The woman is at an in-between point, and the limbo-esque presence of the desert road that leads to places is an extension of her existential status. Triplett effectively merges the spatial with the character to emphasise the otherworldliness grounded in the human drama but with a spiritual tilt. The woman is deprived of connection, hope, identity, meaning, and empowerment. Desert Road is partly about the resilient struggle with adversity or building oneself up when life has torn you down, but in the guise of a sci-fi and horror film with the tragedy of cause and effect. Froseth is perfectly cast, filling the character with a gentle but determined resolve. She skirts the line between the youthful pursuit of her dreams and accepting what life is willing to offer her. 

Triplett adopts familiar tropes to build suspense, distrust, and paranoia. Written during the pandemic, Desert Road recognises that we are vulnerable when we can’t understand what’s happening around us and when our sense of time is disrupted. It’s as much a product of Triplett’s frightening real-life experience as it is a response to the anxiety of the pandemic, as well as pulling on certain emotional and cognitive levers to expose our inherent vulnerabilities in narrative archetypes. 
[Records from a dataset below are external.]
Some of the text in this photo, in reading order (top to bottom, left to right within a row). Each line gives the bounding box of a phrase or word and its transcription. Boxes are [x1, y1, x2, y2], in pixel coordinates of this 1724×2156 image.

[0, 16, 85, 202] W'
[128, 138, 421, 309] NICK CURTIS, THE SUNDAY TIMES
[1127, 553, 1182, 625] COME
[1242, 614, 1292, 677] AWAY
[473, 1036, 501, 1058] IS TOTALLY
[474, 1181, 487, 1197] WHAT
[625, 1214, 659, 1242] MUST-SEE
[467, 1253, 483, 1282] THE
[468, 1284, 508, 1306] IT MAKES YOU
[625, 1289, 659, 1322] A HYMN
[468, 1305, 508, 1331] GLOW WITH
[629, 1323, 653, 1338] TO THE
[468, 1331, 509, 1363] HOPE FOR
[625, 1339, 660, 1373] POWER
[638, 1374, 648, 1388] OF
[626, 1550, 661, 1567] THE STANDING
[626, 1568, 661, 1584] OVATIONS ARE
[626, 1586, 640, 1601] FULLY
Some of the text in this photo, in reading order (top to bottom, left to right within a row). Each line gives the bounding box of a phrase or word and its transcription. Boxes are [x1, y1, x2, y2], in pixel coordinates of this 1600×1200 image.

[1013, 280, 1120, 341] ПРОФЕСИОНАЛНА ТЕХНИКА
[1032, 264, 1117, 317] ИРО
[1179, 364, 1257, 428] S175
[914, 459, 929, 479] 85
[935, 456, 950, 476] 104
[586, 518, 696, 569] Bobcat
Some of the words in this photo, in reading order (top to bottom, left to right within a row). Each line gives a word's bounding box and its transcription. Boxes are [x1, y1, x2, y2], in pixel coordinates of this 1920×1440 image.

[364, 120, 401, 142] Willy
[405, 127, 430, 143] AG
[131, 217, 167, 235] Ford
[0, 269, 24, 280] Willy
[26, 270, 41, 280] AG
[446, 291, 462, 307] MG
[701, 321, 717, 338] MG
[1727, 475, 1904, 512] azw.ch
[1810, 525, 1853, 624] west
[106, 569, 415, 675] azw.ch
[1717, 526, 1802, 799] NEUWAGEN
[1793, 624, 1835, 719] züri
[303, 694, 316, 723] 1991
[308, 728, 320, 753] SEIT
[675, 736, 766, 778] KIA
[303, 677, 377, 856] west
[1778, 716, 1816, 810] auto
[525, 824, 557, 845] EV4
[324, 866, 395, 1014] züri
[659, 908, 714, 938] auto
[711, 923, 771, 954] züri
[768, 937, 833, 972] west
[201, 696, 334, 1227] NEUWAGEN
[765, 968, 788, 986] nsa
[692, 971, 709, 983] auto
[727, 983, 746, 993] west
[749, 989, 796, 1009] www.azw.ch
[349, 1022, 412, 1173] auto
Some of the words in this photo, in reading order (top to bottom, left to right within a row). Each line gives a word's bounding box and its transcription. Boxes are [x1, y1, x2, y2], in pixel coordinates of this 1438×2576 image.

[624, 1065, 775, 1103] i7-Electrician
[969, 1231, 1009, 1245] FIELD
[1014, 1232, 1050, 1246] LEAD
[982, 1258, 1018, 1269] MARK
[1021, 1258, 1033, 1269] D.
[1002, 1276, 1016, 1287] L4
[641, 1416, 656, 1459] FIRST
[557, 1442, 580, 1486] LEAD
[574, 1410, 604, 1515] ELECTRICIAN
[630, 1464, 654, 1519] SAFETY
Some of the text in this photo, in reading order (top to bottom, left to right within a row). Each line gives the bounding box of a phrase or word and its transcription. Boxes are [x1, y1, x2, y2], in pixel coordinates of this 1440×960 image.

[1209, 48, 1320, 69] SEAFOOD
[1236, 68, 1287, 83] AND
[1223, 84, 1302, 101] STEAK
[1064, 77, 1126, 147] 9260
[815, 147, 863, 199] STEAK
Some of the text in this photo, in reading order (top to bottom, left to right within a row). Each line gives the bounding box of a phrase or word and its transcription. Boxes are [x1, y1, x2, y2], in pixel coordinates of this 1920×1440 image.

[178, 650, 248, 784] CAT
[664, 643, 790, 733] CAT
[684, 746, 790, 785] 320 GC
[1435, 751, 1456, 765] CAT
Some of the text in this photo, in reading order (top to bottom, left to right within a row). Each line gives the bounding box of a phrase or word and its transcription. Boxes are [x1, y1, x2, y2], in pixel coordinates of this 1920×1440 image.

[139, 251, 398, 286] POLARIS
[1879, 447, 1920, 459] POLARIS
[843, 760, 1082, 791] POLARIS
Desert Road is a highly entertaining genre film that rewards a repeat viewing, but its overall success is decided by whether Triplett pins down that often-elusive ending for these types of films. Then, it’s whether she winds up in the audience’s cross-hairs. Desert Road doesn’t convincingly pin down this elusive ending, partly because Triplett plays it safe instead of being bold. In the wrestling business, there’s an emphasis on knowing the finish; in Desert Road, the finish is inherently elusive. 

Desert Road’s world premiere occurred in SXSW’s ‘Narrative Spotlight’ strand.